▶ **Free-text object descriptions**
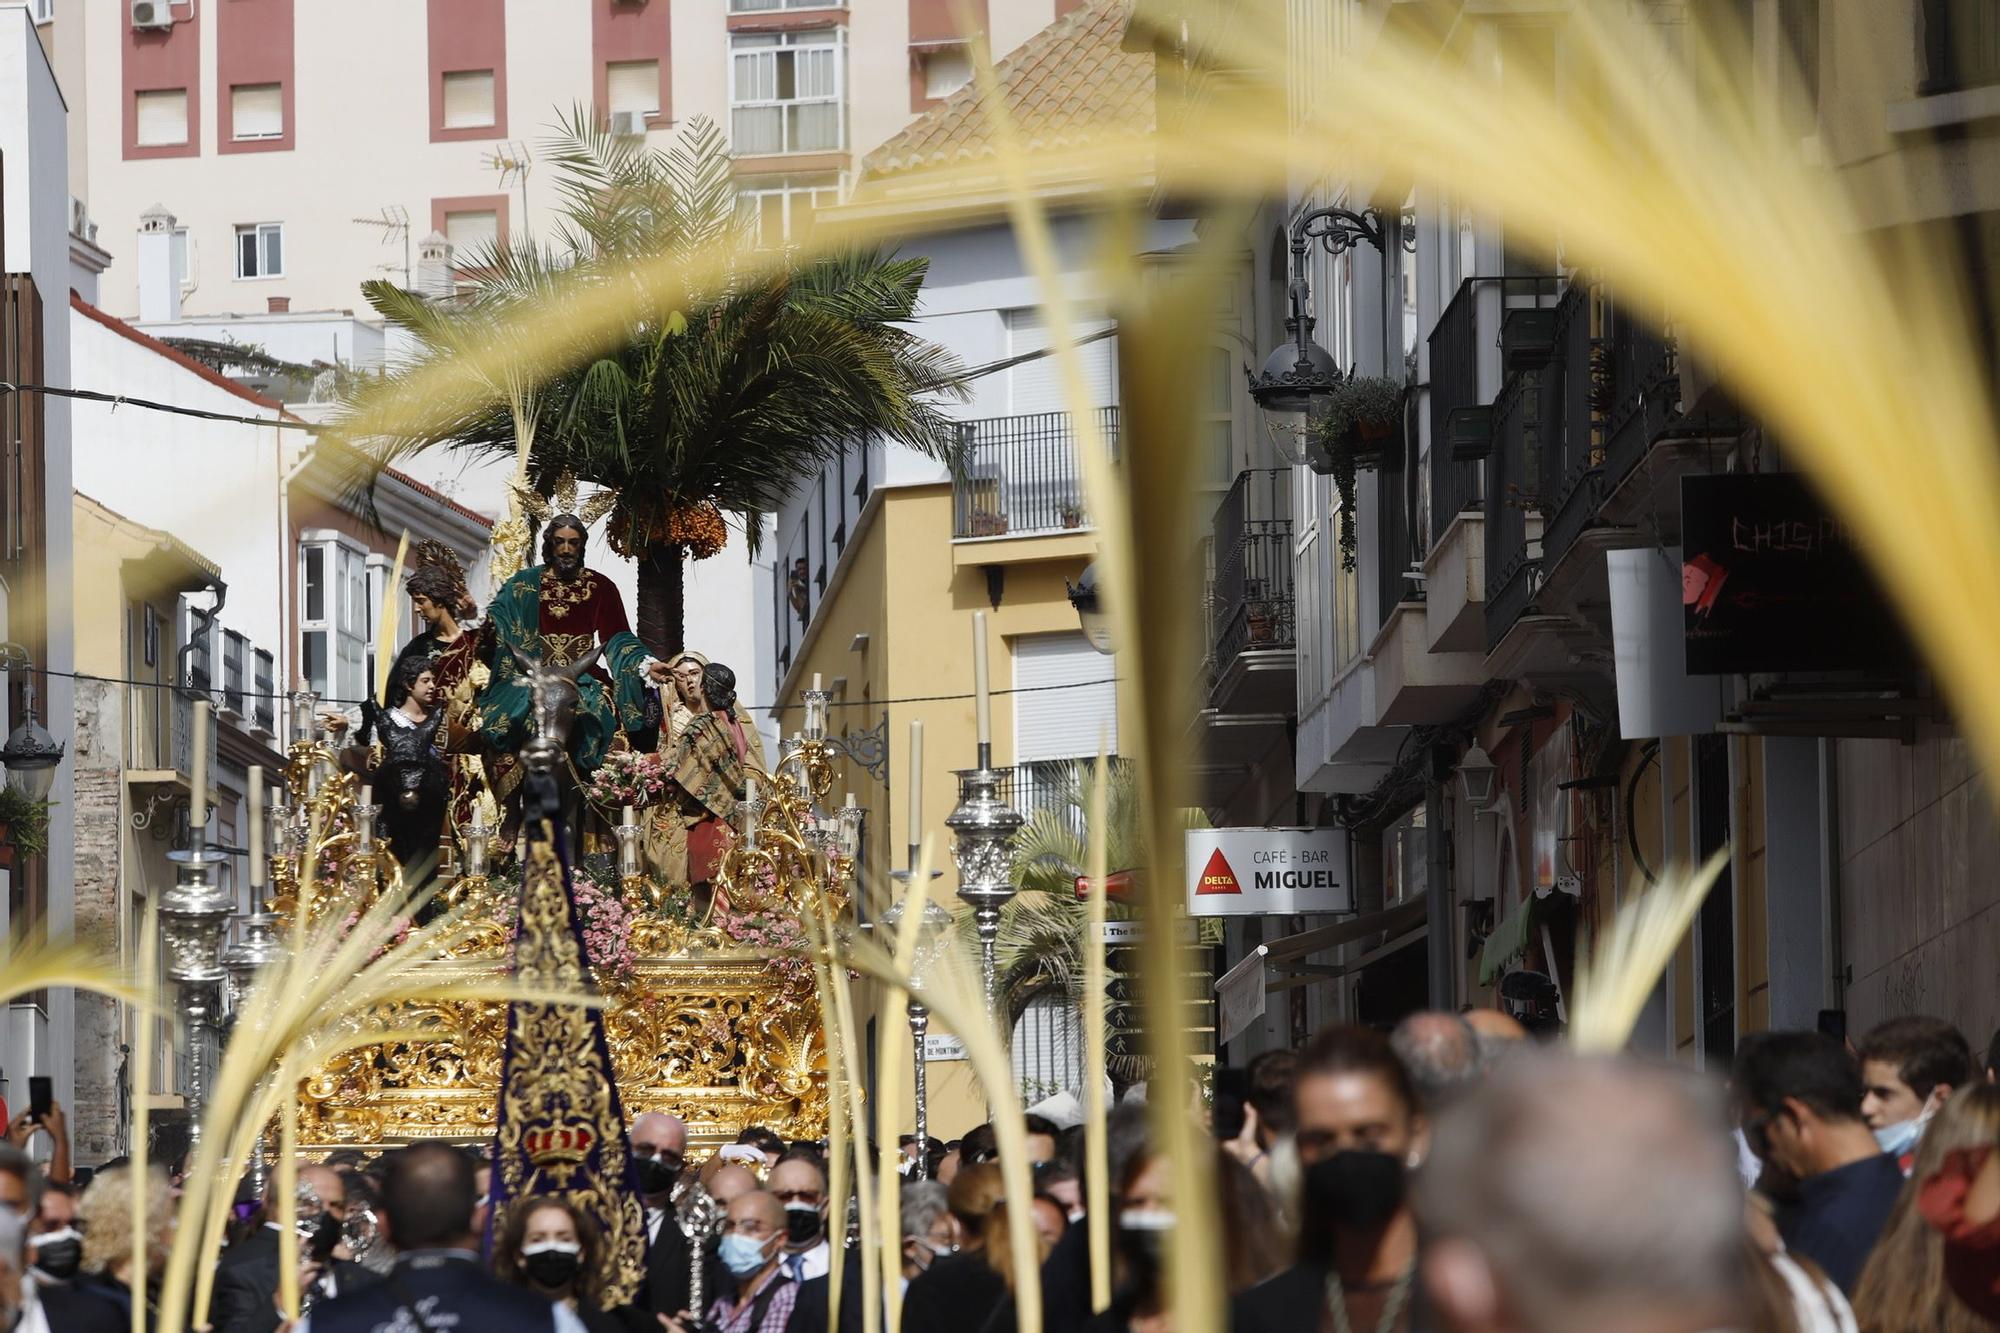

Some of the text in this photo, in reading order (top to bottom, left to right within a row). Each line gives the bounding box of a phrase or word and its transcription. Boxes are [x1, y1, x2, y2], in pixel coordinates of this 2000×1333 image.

[1253, 848, 1287, 864] CAFÉ
[1302, 850, 1329, 864] BAR
[1204, 875, 1234, 885] DELTA
[1254, 870, 1340, 890] MIGUEL
[1109, 927, 1129, 936] The
[927, 1047, 935, 1056] DE

▶ **WHAT NEEDS TO BE DONE**
Transcribe each record exactly as it stands, setting aside any pictures.

▶ **RESULT FOR THIS EXERCISE**
Some of the text in this photo, in reading order (top to bottom, left to right within a row). Each line gives the bounding box of a phrase or word and its transcription. Boxes are [x1, y1, x2, y2], in pixel coordinates of this 2000×1333 image.

[1253, 848, 1287, 864] CAFÉ
[1302, 850, 1329, 864] BAR
[1204, 875, 1234, 885] DELTA
[1254, 870, 1340, 890] MIGUEL
[1109, 927, 1129, 936] The
[927, 1047, 935, 1056] DE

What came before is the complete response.